Safer Streets for North Seattle.
The recent surge in gun violence and associated streetwalking prostitution in North Seattle is the result of federal law and prosecutions pushing prostitution from online onto the black market — leaving the most vulnerable exploited, while threatening communities surrounding Aurora Avenue. Academic research shows how sex workers gained safety benefits from online advertising and apps. Selling sex was still illegal, however, evidence suggests the online platforms resulted in more safety for practitioners of the “World’s Oldest Profession”.
The federal government passed the Allow States and Victims to Fight Online Sex Trafficking Act (FOSTA), in early 2018 to strip online advertising platforms of their Communications Decency Act (CDA) legal immunity, if they knowingly or recklessly facilitate sex trafficking.
Civil lawsuits were targeting Backpage, which was the largest online sex advertising site in the world at the time, for years prior to FOSTA’s passage.
Plaintiffs in various states alleged Backpage actively helped formulate and promote ads that sold them, including minors, into sex trafficking. There was one case in Washington in 2014 involving child sex trafficking and Backpage.
Court’s consistently dismissed cases under the CDA immunity.
Considering the accounts of horrific abuse, Congress then changed CDA immunity rules through FOSTA. Federal and state cases against Backpages were high profile prosecutions and convictions, resulting in the chilling of online sex service ads.
Sex traffickers, who were coercing adults and children into servitude, used Backpages to advertise.
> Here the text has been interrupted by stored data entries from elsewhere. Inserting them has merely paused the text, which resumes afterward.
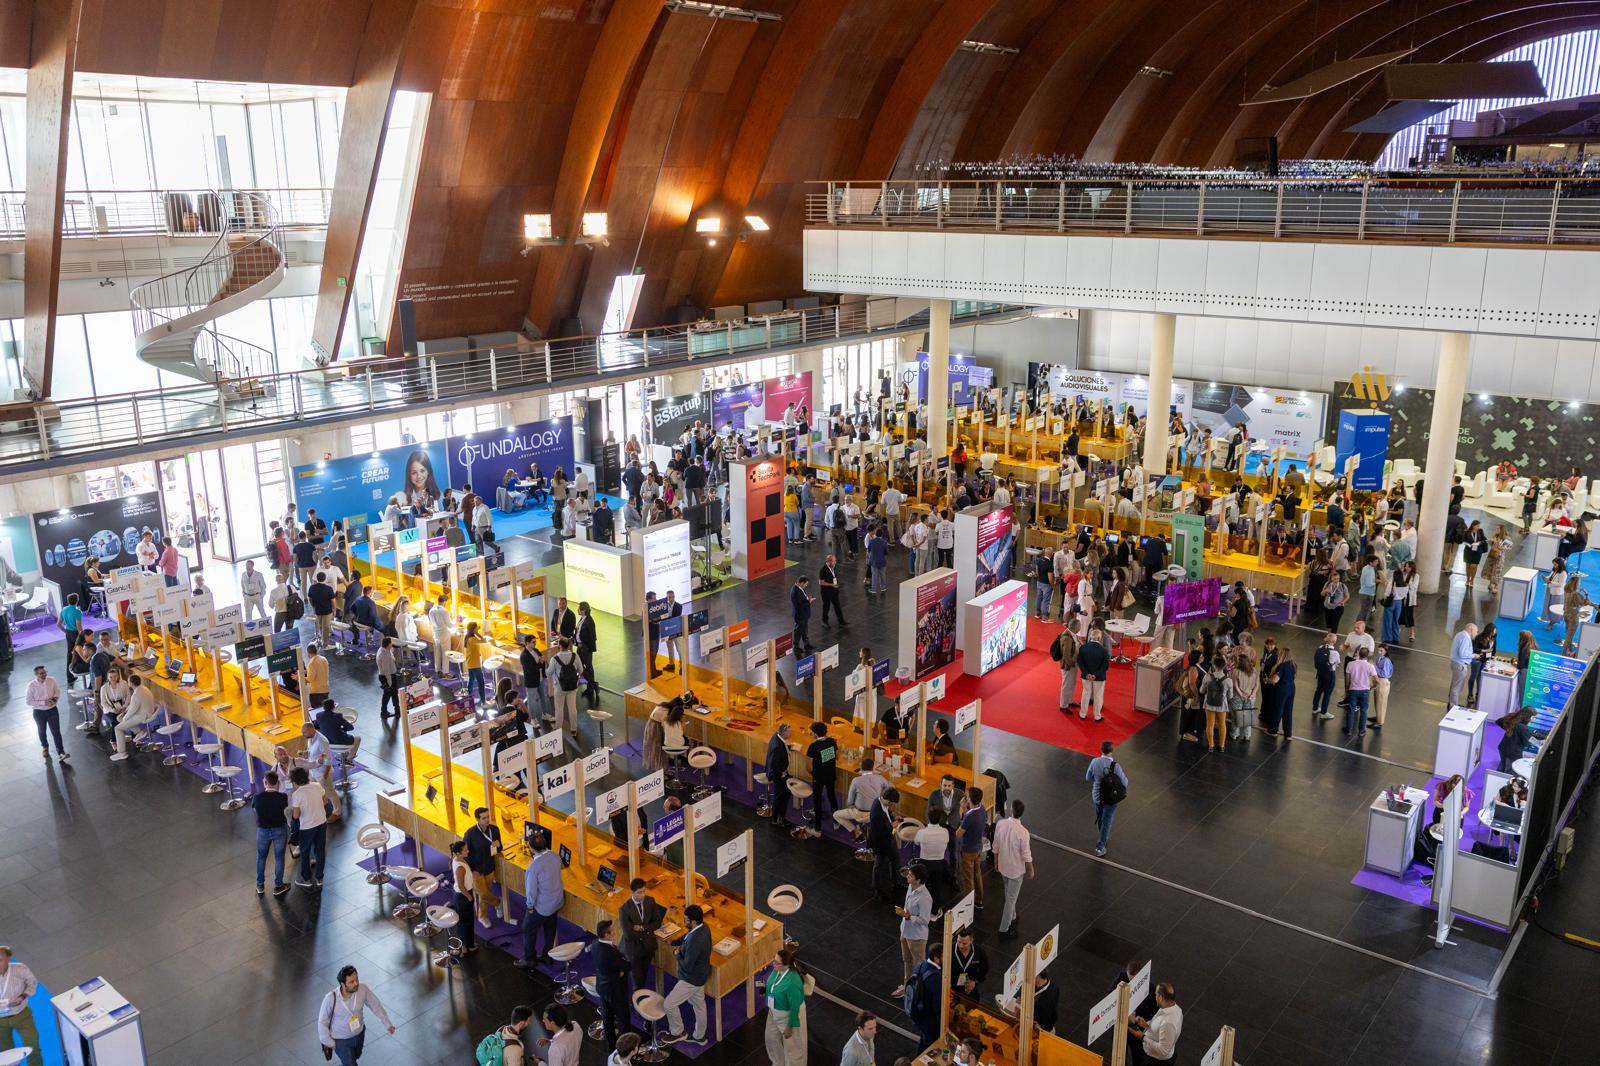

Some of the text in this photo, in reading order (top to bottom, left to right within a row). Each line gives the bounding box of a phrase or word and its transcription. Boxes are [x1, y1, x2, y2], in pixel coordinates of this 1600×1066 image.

[1065, 374, 1104, 385] SOLUCIONES
[1060, 382, 1109, 392] AUDIOVISUALES
[654, 396, 701, 428] BStartup
[473, 428, 562, 460] FUNDALOGY
[362, 468, 390, 479] CREAR
[362, 474, 390, 485] FUTURO
Independent sex workers were also using online ads to sell their services. Either way, after FOSTA, the sex business was pushed back onto the streets.
Research
Cunningham, Angelo and Tripp , in a February 2019 paper, Craigslist Reduced Violence Against Women, provide an empirical assessment of the internet and prostitution before FOSTA.
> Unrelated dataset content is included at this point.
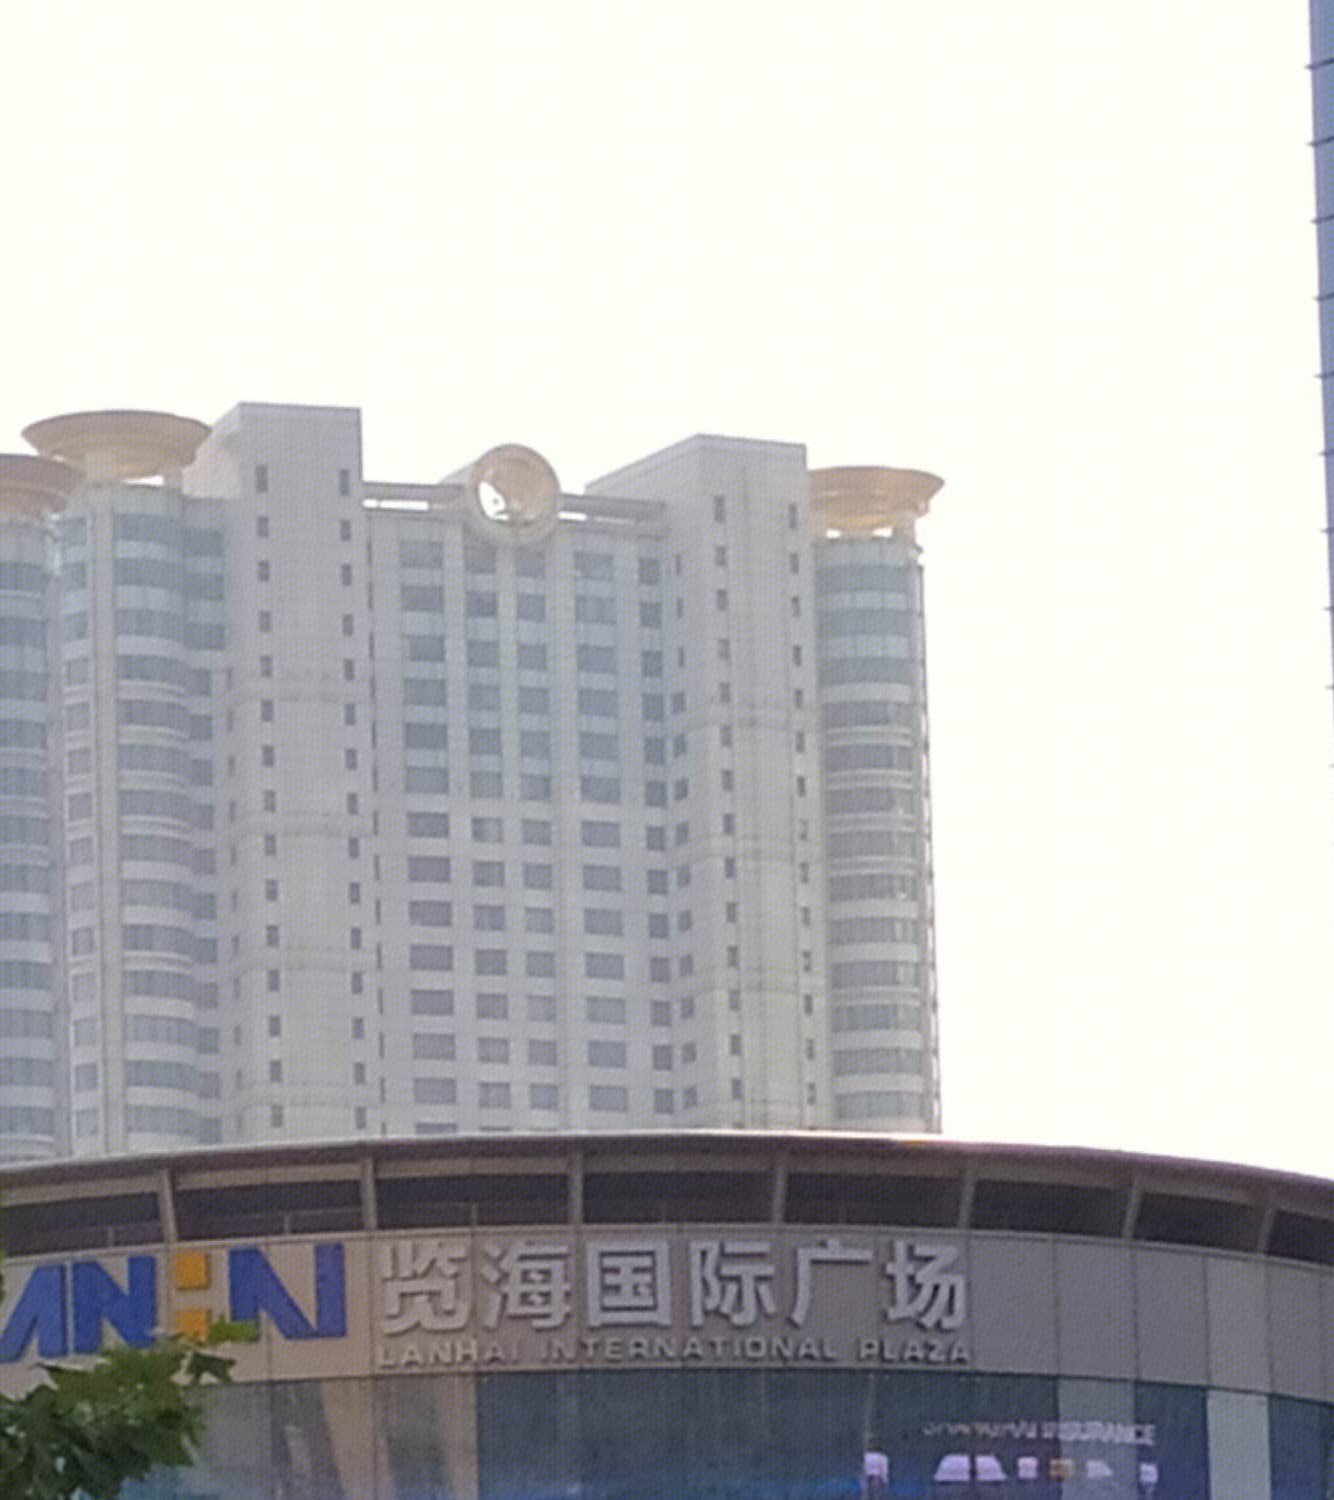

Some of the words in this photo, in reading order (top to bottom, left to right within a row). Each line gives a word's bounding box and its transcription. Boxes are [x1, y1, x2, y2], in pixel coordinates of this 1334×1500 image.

The paper cites previous research statistics, “Street prostitution has historically been considered the most dangerous market segment for sex services with a death by homicide rate over 13 times higher than the general population.”
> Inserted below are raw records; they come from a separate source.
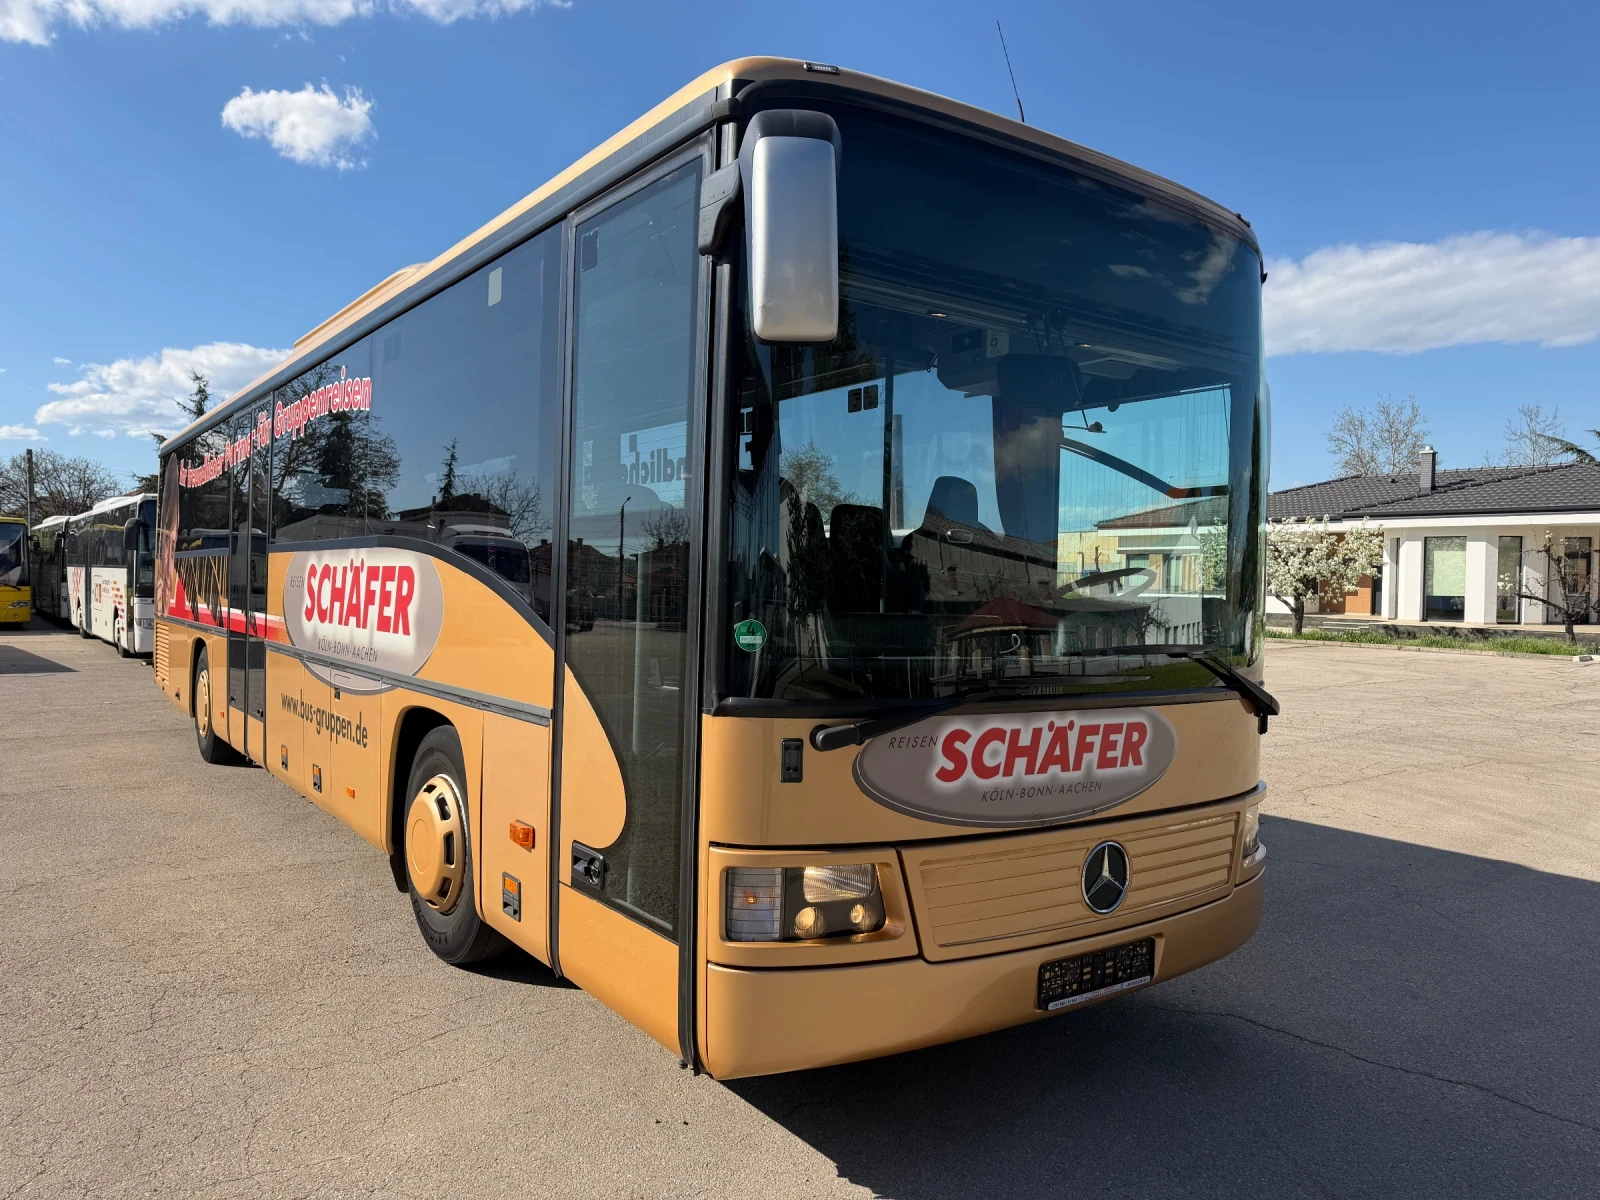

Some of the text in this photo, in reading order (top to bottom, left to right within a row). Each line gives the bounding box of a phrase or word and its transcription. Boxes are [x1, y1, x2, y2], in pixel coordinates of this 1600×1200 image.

[257, 409, 271, 449] für
[273, 365, 372, 440] Gruppenreisen
[290, 575, 305, 589] REISEN
[304, 557, 416, 636] SCHÄFER
[746, 621, 756, 636] 4
[318, 635, 378, 663] KÖLN-BONN-AACHEN
[281, 689, 368, 749] www.bus-gruppen.de
[888, 735, 939, 749] REISEN
[934, 719, 1148, 783] SCHÄFER
[980, 780, 1103, 802] KÖLN-BONN-AACHEN
The Cunningham paper looks at technology beyond just online advertising like Craigslist or Backpages. The researchers also consider apps they describe as a “Clearinghouse”. These apps resemble other interfaces like takeout food delivery and ride sharing services.
The paper states,
“Online clearinghouse [apps] have the potential to improve safety by redirecting exchange through the clearinghouse and replacing more risky outdoor face-to-face transactions and/or other intermediaries (e.g., pimps) with indoor, direct transactions. Matching [of seller and buyer] online through the clearinghouse enables both sides of the market to discern the quality of the match ex ante , through such activities as informal screening , circulated Black Lists [Good and Bad customers] and online reviews . This may provide the ability for sex workers to identify and screen out violent clients, law enforcement and scammers.” [My emphasis.]
The researchers make the following points regarding the online sex business before FOSTA:
- Sex workers worked more independently.
- More efficient matching [of seller and buyer] may lead to repeat business with low-risk clients, thereby making the market lower risk to sellers.
- The introduction of [online advertising] may have caused outdoor street-based prostitution to transition to the safer, indoor channel.
- The decline in female murders can be at least partially explained by more efficient matching, growth in repeat business and the transition of outdoor sex workers to indoor venues.
Human exploitation must be prohibited. On the other hand, a willing adult selling sex to a buyer is old fashioned prostitution. Other states and countries have legal means to accommodate this age-old reality.
We need to consider law enforcement structures protecting willing sellers along with the vulnerable. Research reveals how to accommodate transactional sex between willing adults which could result in less exploitation and violence.
Technology has a role to play in the discussion with creating a legal framework for sex work as a way to solve the lack of public safety around Seattle’s North Aurora Avenue, while reducing harm in general.